[Material supplied Boundary: Start]

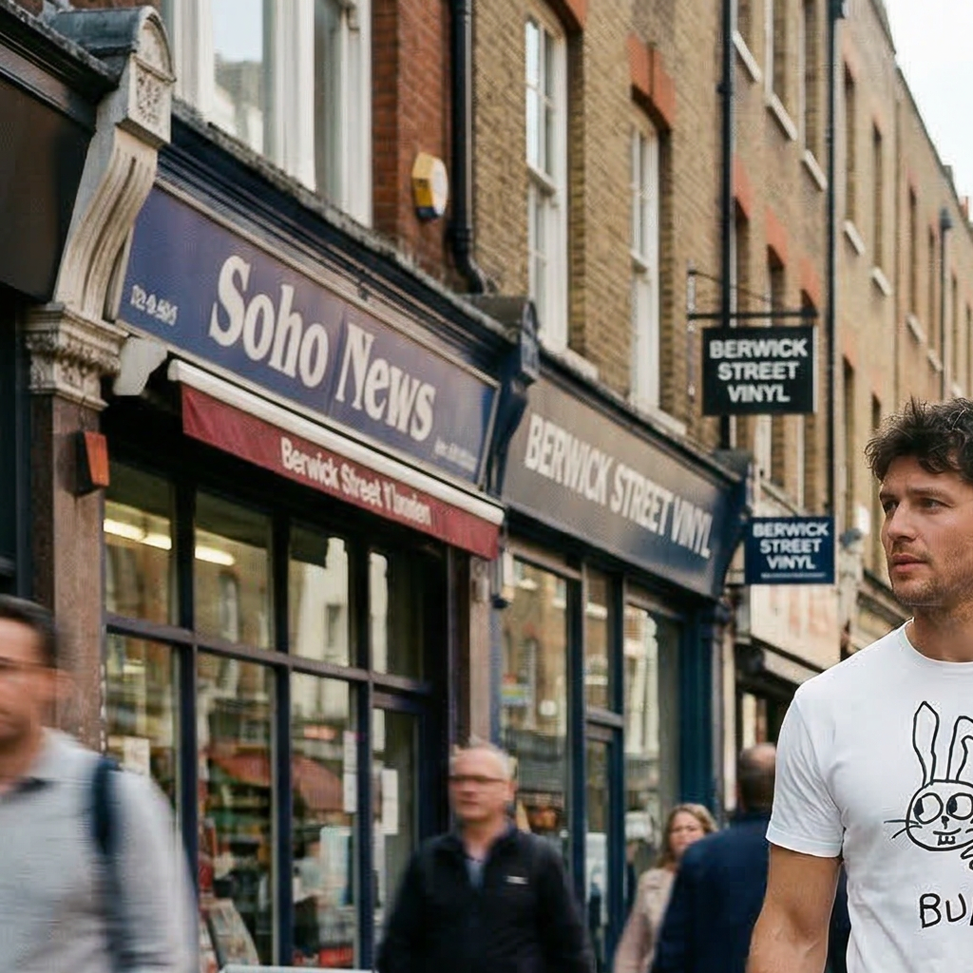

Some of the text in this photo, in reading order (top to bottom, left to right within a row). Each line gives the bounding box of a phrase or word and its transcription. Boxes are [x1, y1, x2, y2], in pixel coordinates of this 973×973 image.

[209, 255, 436, 442] Soho News
[709, 338, 808, 359] BERWICK
[718, 361, 800, 381] STREET
[727, 384, 790, 402] VINYL
[281, 437, 340, 490] Berwick
[340, 463, 383, 508] Street
[524, 413, 614, 506] BERWICK
[610, 463, 674, 536] STREET
[671, 495, 713, 560] VINYL
[753, 522, 829, 538] BERWICK
[760, 538, 822, 553] STREET
[766, 555, 816, 570] VINYL

[Material supplied Boundary: End]

#### Requirement
Leave the pictures aside and give every entry above again word for word.

#### Exercise solution
Some of the text in this photo, in reading order (top to bottom, left to right within a row). Each line gives the bounding box of a phrase or word and its transcription. Boxes are [x1, y1, x2, y2], in pixel coordinates of this 973×973 image.

[209, 255, 436, 442] Soho News
[709, 338, 808, 359] BERWICK
[718, 361, 800, 381] STREET
[727, 384, 790, 402] VINYL
[281, 437, 340, 490] Berwick
[340, 463, 383, 508] Street
[524, 413, 614, 506] BERWICK
[610, 463, 674, 536] STREET
[671, 495, 713, 560] VINYL
[753, 522, 829, 538] BERWICK
[760, 538, 822, 553] STREET
[766, 555, 816, 570] VINYL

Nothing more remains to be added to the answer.